# Does Running affect fertility



## nettie77 (Sep 8, 2009)

Hi there,
I went through a previous IVF which failed, prior to this i didn't really change my lifestyle that much apart from giving up caffeine and alcohol. I felt I ate quite healthily anyway. 

I am now preparing for my 2nd round and have been taking extra vits and I've also given up my running this time and replaced it with walking and some aerobic dvds. 

Do you think running is bad or could I still go for a short 25min run? Only asking because I am missing it and have put on a little weight.. But I don't want to run if it affects my chances with my next tx.

Any help/advice would be great   

Thanks


----------



## Mistletoe (Holly) (Jan 1, 2007)

Research suggests that exercise increasing the heart rate very high can reduce chances. It is suggested that when TTC that heart rate is not raised above 110.


----------



## nettie77 (Sep 8, 2009)

Thanks   , I know my heart rate was always over 140 when running, even a slow jog.
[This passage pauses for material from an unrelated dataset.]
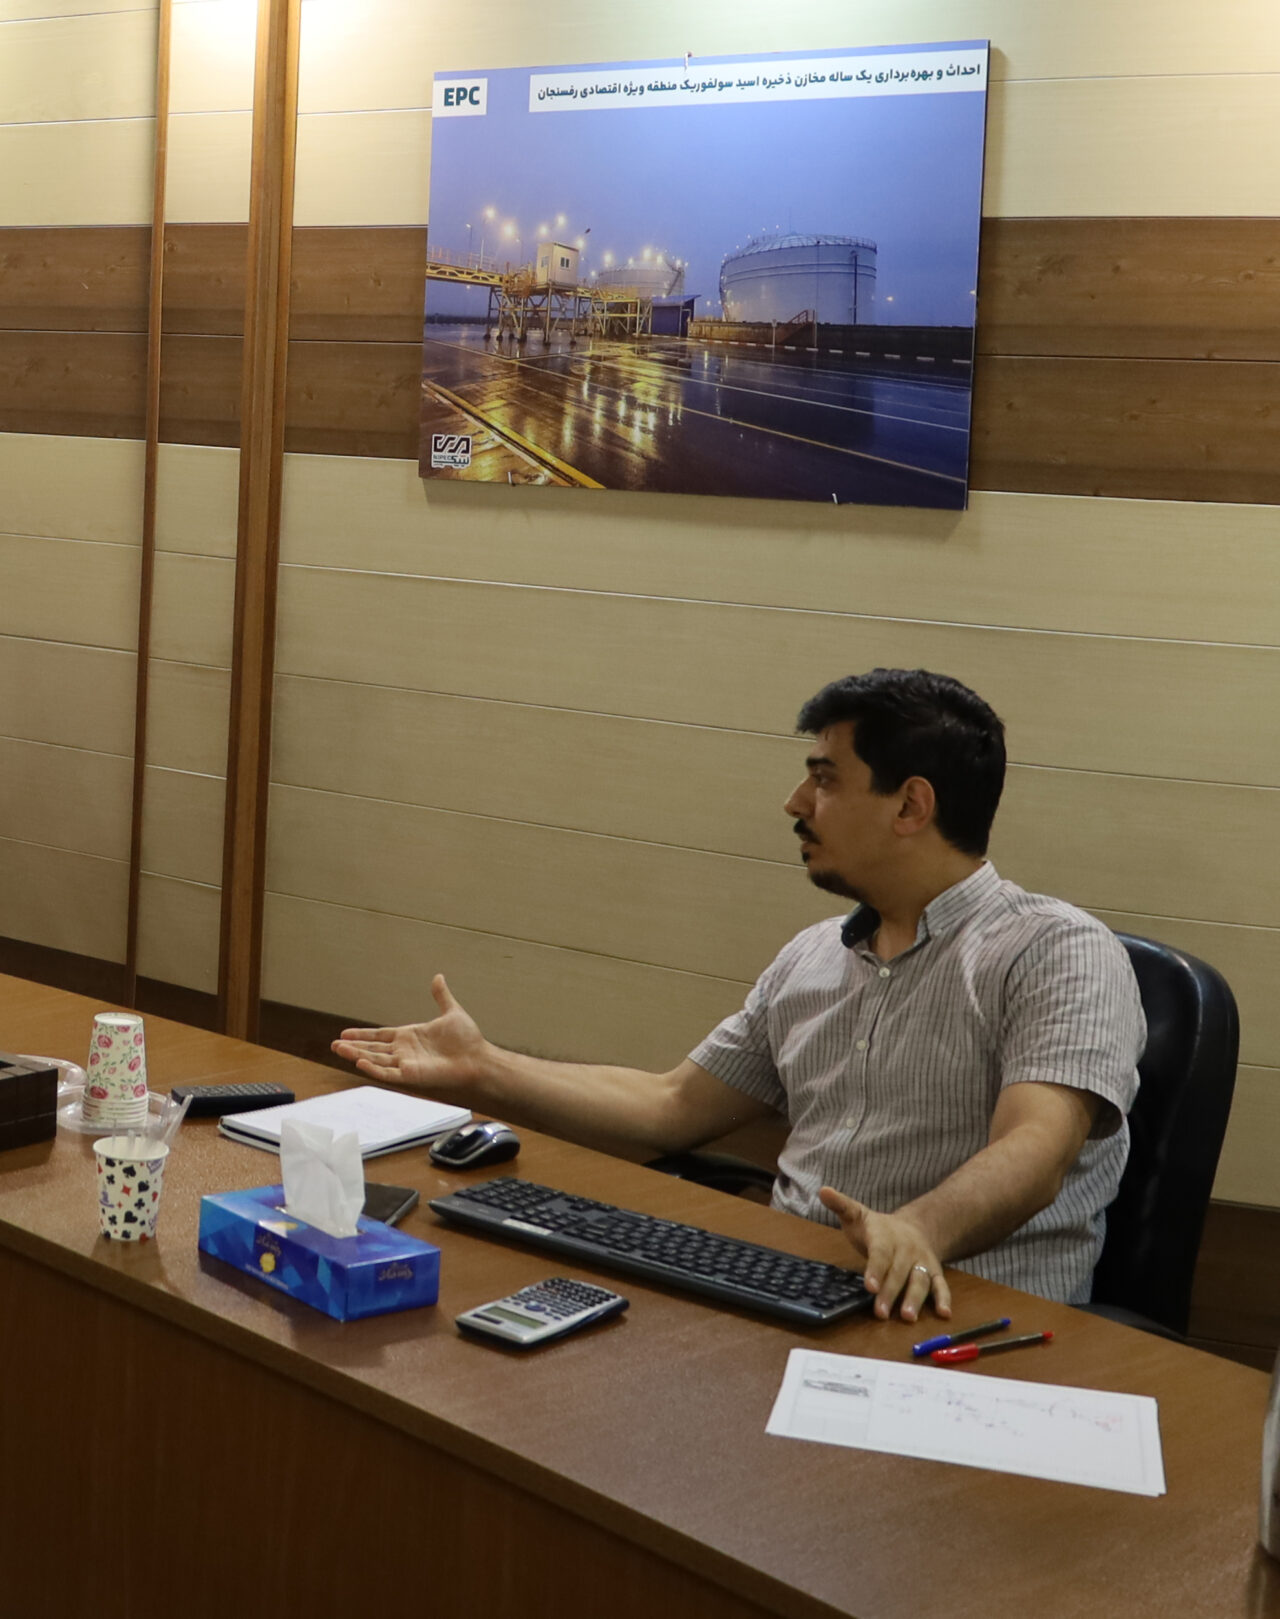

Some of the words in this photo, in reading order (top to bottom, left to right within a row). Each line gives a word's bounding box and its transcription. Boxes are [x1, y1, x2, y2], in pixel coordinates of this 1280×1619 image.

So maybe it is best to hold off the running then.....


----------



## Mish3434 (Dec 14, 2004)

Nettie,  You could power walk the same distances say at 4mph and this would burn roughly the same cals as running it because you would be exercising for longer iykwim.  Do you have a heart rate monitor?

Good luck with TX hun

Shelley x


----------



## suitcase of dreams (Oct 7, 2007)

just my own personal experience....I ran regularly (4-5 times a week, 4-5 miles a time) right up until ET....then stopped during 2WW for all my tx

2 cycles BFN, 3rd cycle BFP with twins....

...so I can only conclude that for me the running didn't make a difference but if you are at all concerned, then best not to...

I haven't run since BFP, am looking forward to getting back to it afterwards   

good luck    
Suitcase
x


----------



## MauritianMum (Feb 15, 2011)

I'm about to start my 1st IVF cycle and have been advised to lay off the running too. I usually do 5km 3 times a week, so not much, but I do find it puts me in a much better mood and is a great stress reliever. Both Zita West and the Lister advised me to walk rather than run for a bit. Although, I think I may go nuts not running at all - I may try replacing it with swimming instead. 
Good luck! x


----------